12 Responses to “Words of Wisdom From Warren Buffett”

  1. Anonymous

    Thanks again to nickel for inviting me to be a guest writer. I enjoyed the experience immensely and hope to be back again.

    If you share my interest in Warren Buffett, please give a listen to my latest podcast. I share my perspective on his latest Berkshire Hathaway shareholder letter:

    link to podcast

  2. Anonymous

    I tried reading his “letter to the shareholders” one day, yet I didn’t find him fascinating or exhilarating, or anything else in that matter.

    If the tide goes out, the one who swims will go out too… plus if I want to know I’ll learn here and now, why will I wait? He doesn’t wait either.

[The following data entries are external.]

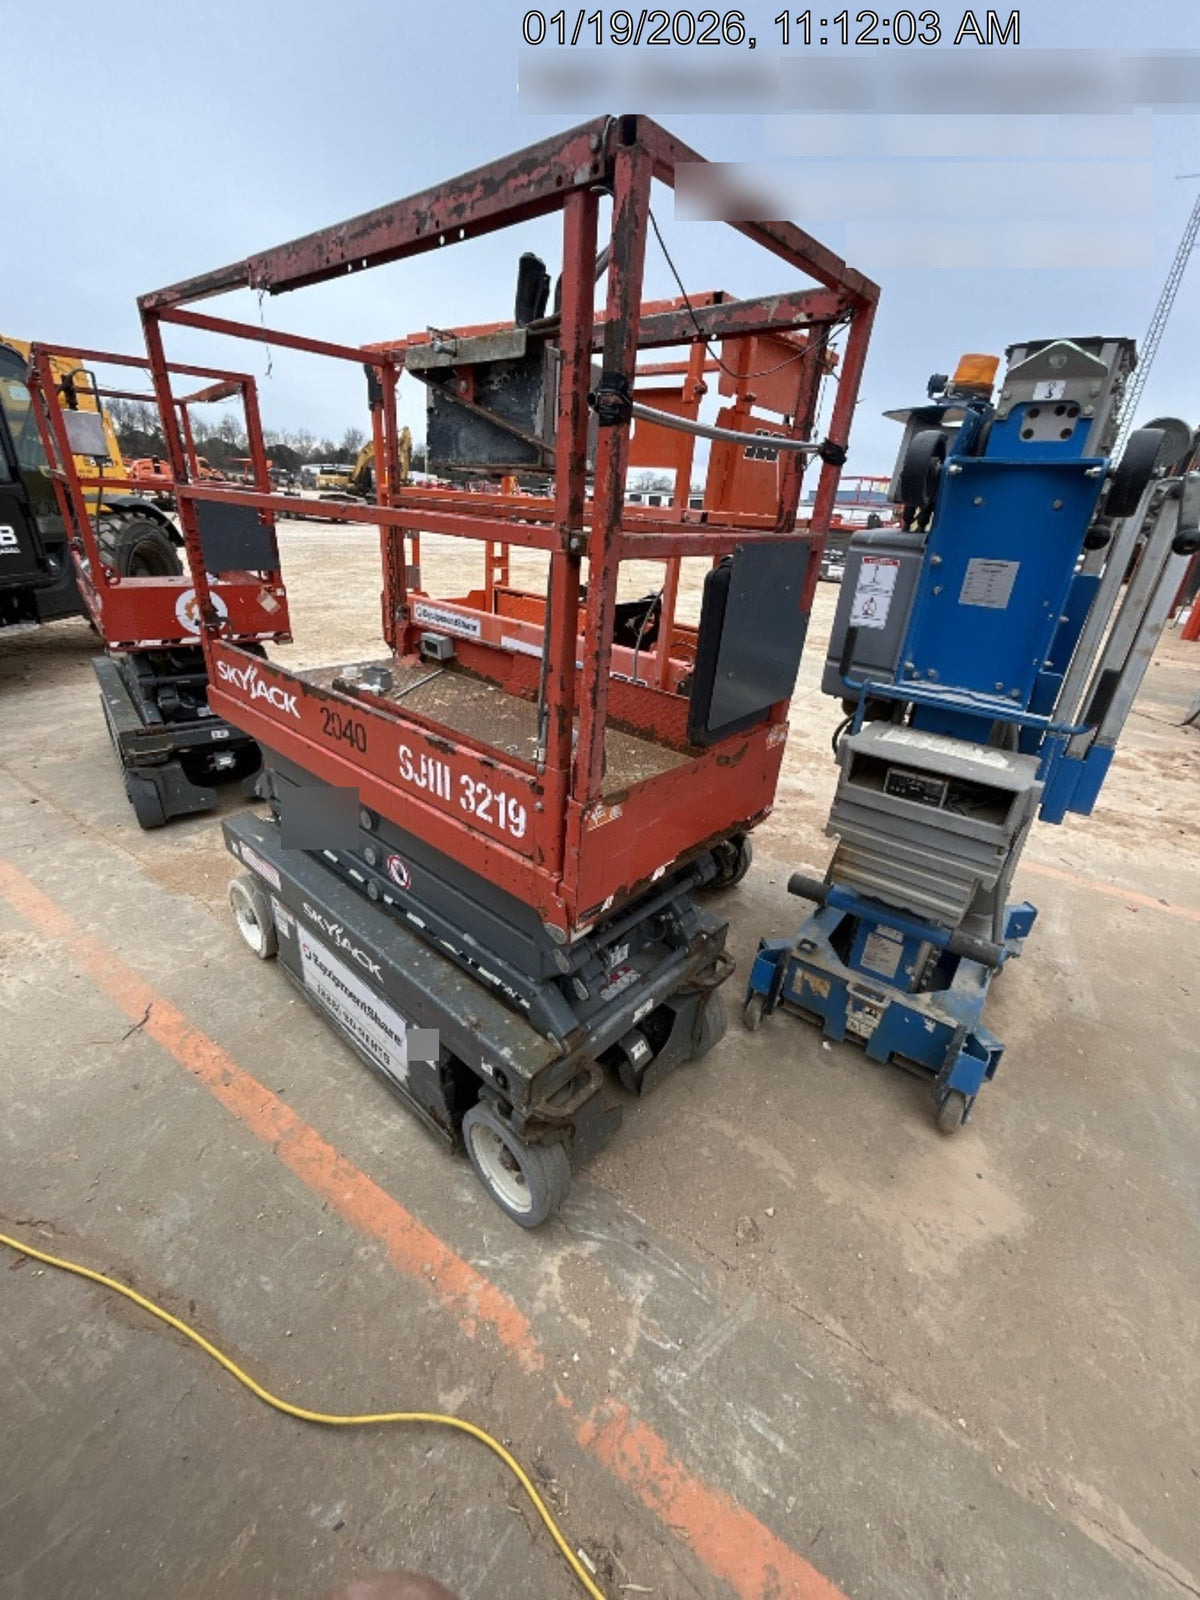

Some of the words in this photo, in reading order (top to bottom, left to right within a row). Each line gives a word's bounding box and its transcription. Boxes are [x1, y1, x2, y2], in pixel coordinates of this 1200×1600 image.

[216, 660, 301, 719] SKYJACK
[320, 706, 367, 753] 2040
[459, 774, 527, 839] 3219
[302, 901, 385, 984] SKYJACK
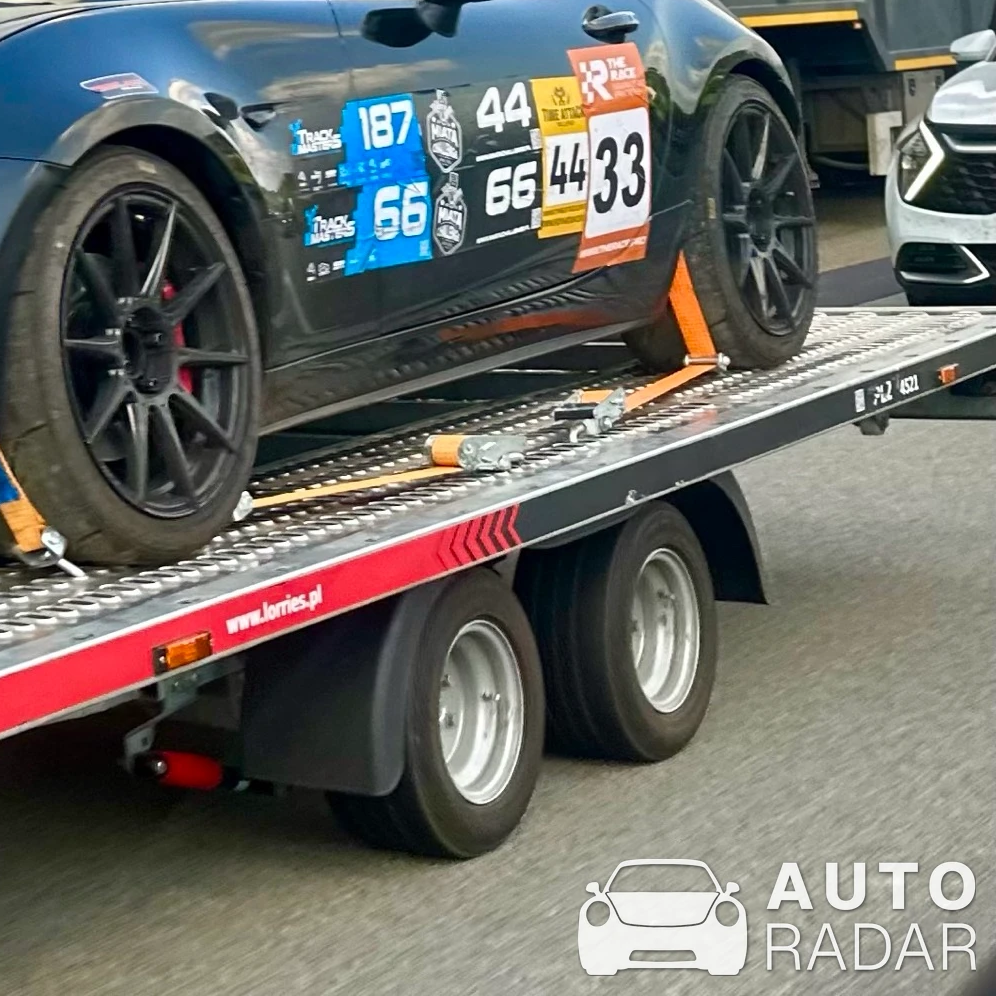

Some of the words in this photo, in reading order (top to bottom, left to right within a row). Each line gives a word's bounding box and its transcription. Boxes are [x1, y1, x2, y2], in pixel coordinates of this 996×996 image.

[606, 56, 627, 69] THE
[610, 67, 636, 81] RACE
[358, 99, 413, 150] 187
[476, 81, 531, 133] 44
[486, 161, 538, 216] 66
[550, 142, 586, 194] 44
[593, 131, 646, 214] 33
[374, 181, 429, 240] 66
[226, 584, 323, 634] www.lorries.pl

    A part of his “letters”, and some “lessons” he doesn’t tell you much of “his way”. So you read books about him, not his books. Let me see… if you wish to know a person do you look at him or at his reflection in the mirror, do you listen his words or the description that someone else will give you? Hummm

    My favorite quote is actually very recent… couple of days ago. He said… “Party is over folks”. I would sure respect him for one think He did what he wanted, not what he was advised to do. That I think is his secret trick, the rest is junk.

  3. Anonymous

    “If you don’t feel comfortable owning something for 10 years, then don’t own it for 10 minutes.”

    This could be my favorite quote by Warren Buffett, it separates investing from speculation.

    “You can only find out who is swimming naked when the tide goes out.”

    Yeah, I’m not quite sure about this one.

  4. Anonymous

    I’m currently reading Warren Buffet’s “The Essays of Warren Buffet: Lessons for Corporate America.” It’s a great read! I definitely recommend picking it up…

  5. Anonymous

    Love Mr Buffett and not just because I grew up in Omaha!

    I especially love that about every five years (around the time a new bubble starts) the pundits pop out telling how BRK is out of touch with the New-new Economy!

  6. Anonymous

    @Mark
    Read his letters to shareholders. He speaks of “dancing in and out of the markets” and laments the fact that it is more difficult with billions of dollars.

    He times the market, he just does it better than anyone else.

  7. Anonymous

    @ Ron

    Agreed that Warren’s the king, but I’m not sure I’d call him a market timer! He seems to mostly ignore the market and put all of his focus on individual businesses and their merits, and leaves the market out of it.

    His great choices come from the ability to understand the fundamental nature and value of a business, and he buys whenever the right opportunity presents itself.

  8. Anonymous

    Great list of quotes. Buffet is the king of market timers and is seldom wrong. One of my favorite quotes of his is that he hopes business schools keep teaching efficient market theory because it helps him make money.

    When everyone zigs, Buffet zags.